Each of Hong Kong’s 2,500 listed companies must put numbers on potential impact from extreme climate events like severe typhoons and rising sea levels, according to draft rules due for final approval in 2023. Any fund manager with a portfolio larger than US$1 billion must disclose the emissions data of companies they invest in, starting this month, according to the Securities and Futures Commission (SFC).
“There is an opportunity for Hong Kong to take the lead in this area, [by] establishing international standards and set the regional best practices in disclosures,” said Anand Selvakesari, who leads personal banking and wealth management at Citigroup, during a panel discussion on sustainable finance at the Global Financial Leaders’ Investment Summit in Hong Kong.
“The availability and quality of ESG data has been an industry issue, as the current regulatory requirements are fragmented, while the disclosure requirements vary in different markets,” he said, adding that better disclosure standards can help the emerging markets to get more funding to finance their ESG projects.
Sustainable finance refers to the sale of green bonds or other forms of fundraising to promote ESG activities, the fight to avert climate change, reduce pollution and community activities. It is an area that Hong Kong’s government is focusing on, as it tries to develop the city as a regional hub for green financing on its way to carbon neutrality by 2050.
Up to US$56 billion of ESG bonds and loans had been arranged in Hong Kong as of 2021, putting the city at the very top of Asia’s green fundraising efforts, a fact that underscores how Hong Kong can “lead by example,” Financial Secretary Paul Chan Mo-po said during his pre-lunch keynote address at the summit.
The Asian Infrastructure Investment Bank (AIIB) also has ESG at the top of its agenda as it aims to allocate at least half its annual financing disbursements by 2025 towards projects that tackle climate change.
“A lot of people have put this bank under the microscope in this field, magnified exponentially, so we are very careful [because] our reputation is very important,” said the bank’s chairman and president Jin Liqun. “From day one, we [went] by international best practice.”
The number of country members of Beijing-based AIIB has almost doubled to 105, from 57, seven years into its operations, a growth that Jin credited to its high disclosure standards.
The International Organisation of Securities Commissions (Iosco) – currently chaired by Hong Kong’s securities regulator Ashley Alder – has given its endorsement to prototype climate and general disclosures. That will then be adopted by regulators such as the SFC and Hong Kong Exchanges and Clearing Limited (HKEX), whose chief executive Nicolas Aguzin moderated the panel on sustainable finance.
The HKEX last week launched a carbon-credit trading platform called Core Climate to bolster Hong Kong’s roles as an international carbon market. The new platform and the city’s role as a fundraising hub for China help Hong Kong to become a green financing hub, said Amundi Asset Management’s Greater China chairman Zhong Xiaofeng.
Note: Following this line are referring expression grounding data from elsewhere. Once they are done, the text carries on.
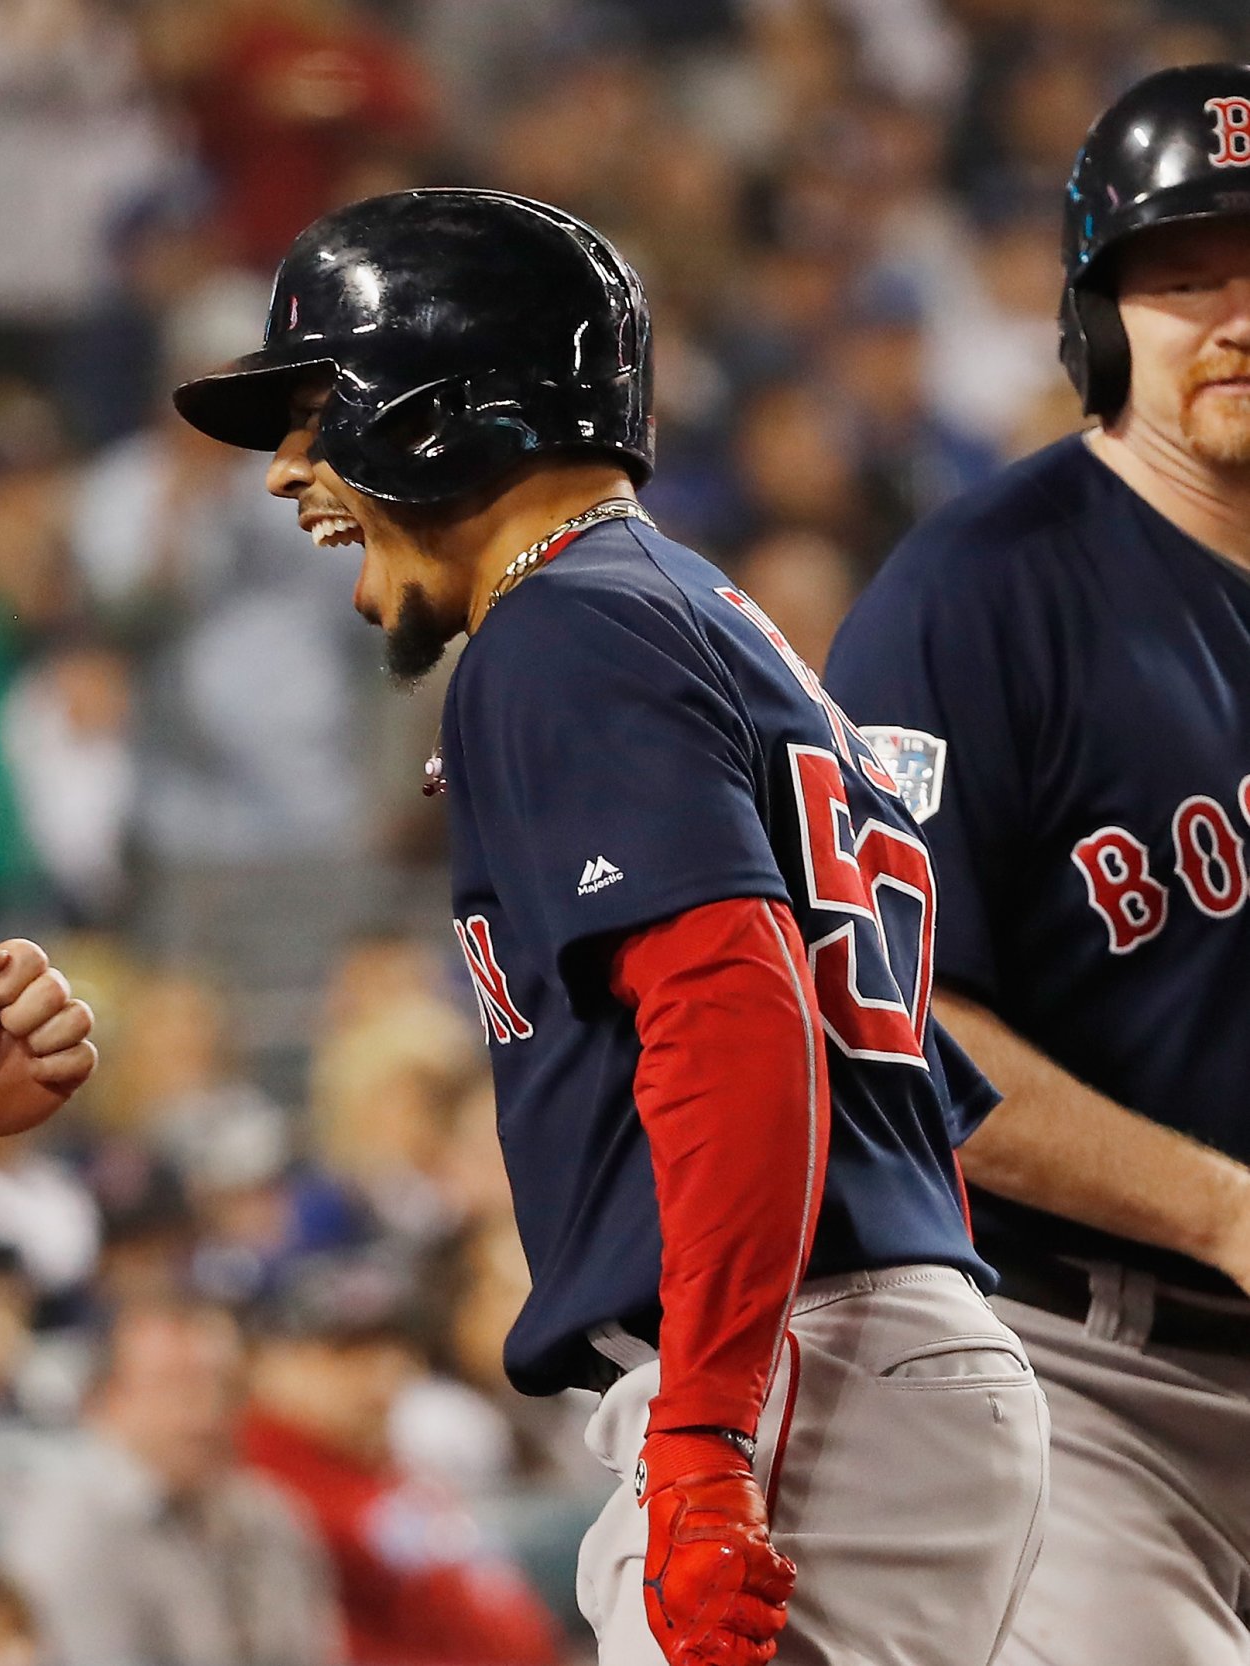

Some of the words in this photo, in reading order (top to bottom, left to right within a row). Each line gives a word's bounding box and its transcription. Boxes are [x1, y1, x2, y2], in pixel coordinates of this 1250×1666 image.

[1204, 96, 1250, 168] B
[577, 872, 624, 896] Majestic
[786, 742, 937, 1071] 50
[1071, 774, 1250, 954] BO
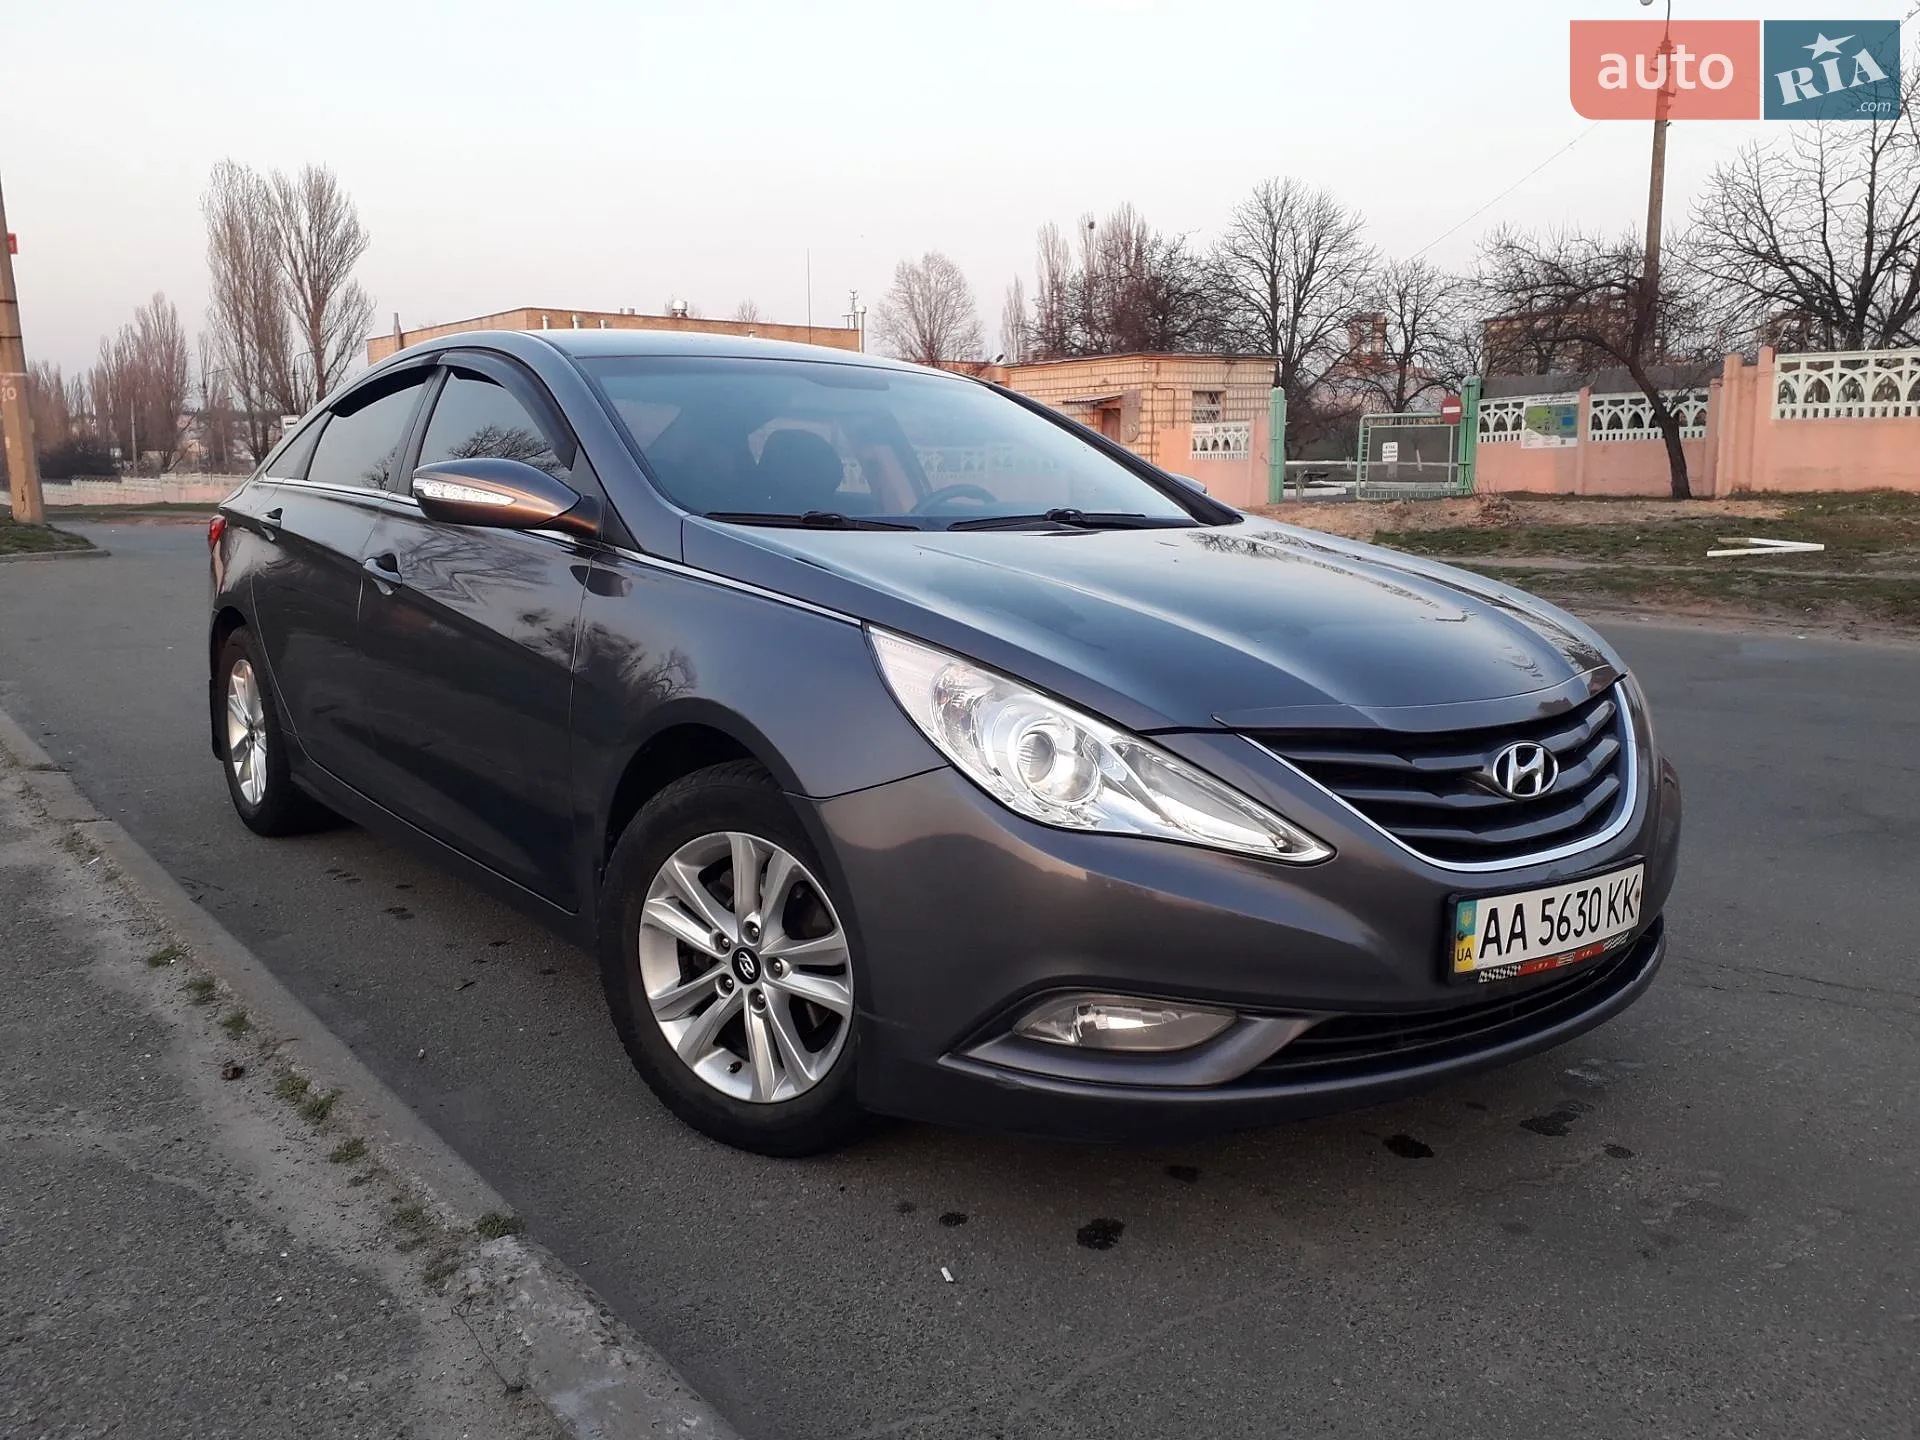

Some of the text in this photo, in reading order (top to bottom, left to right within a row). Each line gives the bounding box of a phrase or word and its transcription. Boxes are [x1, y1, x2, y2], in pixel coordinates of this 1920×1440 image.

[1478, 874, 1639, 959] AA 5630 KK
[1457, 948, 1472, 962] UA
“Hong Kong’s capital market [involves] international investors, helping it to act as the super connector in raising green bonds or other financial products for the Chinese government and companies,” Zhong said. “Hong Kong can also be involved in the setting of global ESG standards to narrow the gap between the standards of China and the Western world.”
China will need to raise about 140 trillion yuan (US$19.31 trillion) from green bonds and other environmentally friendly funding tools to become carbon neutral by 2060, but will fall short by 44 trillion yuan, according to a July report published by the World Economic Forum (WEF) and consulting company Oliver Wyman in July.
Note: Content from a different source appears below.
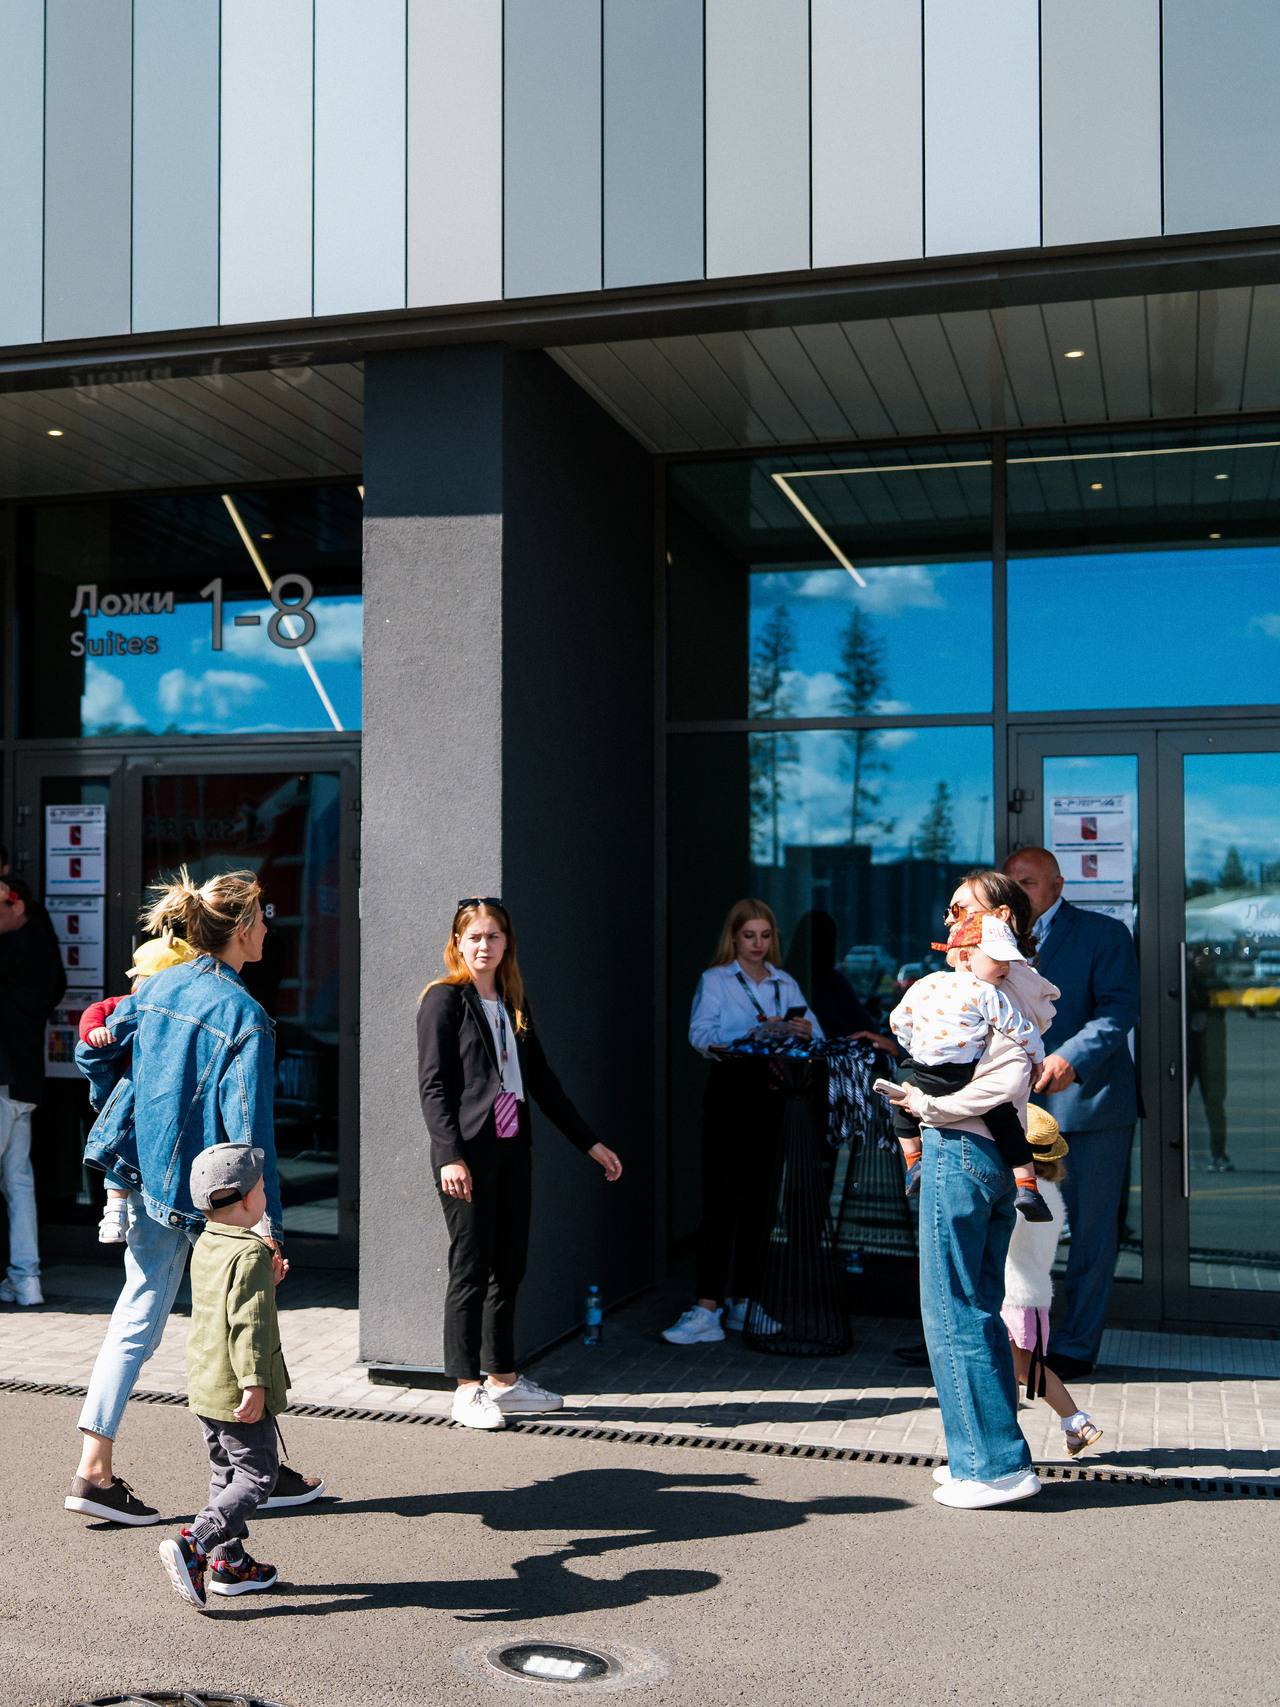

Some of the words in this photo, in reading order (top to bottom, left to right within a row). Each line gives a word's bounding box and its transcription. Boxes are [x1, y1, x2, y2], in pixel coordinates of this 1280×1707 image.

This means the country needs to fill a funding gap of 1.1 trillion yuan each year between 2020 and 2060, in the financing of green innovative technologies across all sectors including electricity, steel, transport and construction, said the report.
The astronomical sum puts many small countries at a disadvantage, as they lack the big capital markets to raise funds, said KKR’s co-chief executive Joseph Bae. Private equity firms and other investment banks can help raise funds in the international markets to support their sustainability financing needs in renewable energy, energy or other projects, he said.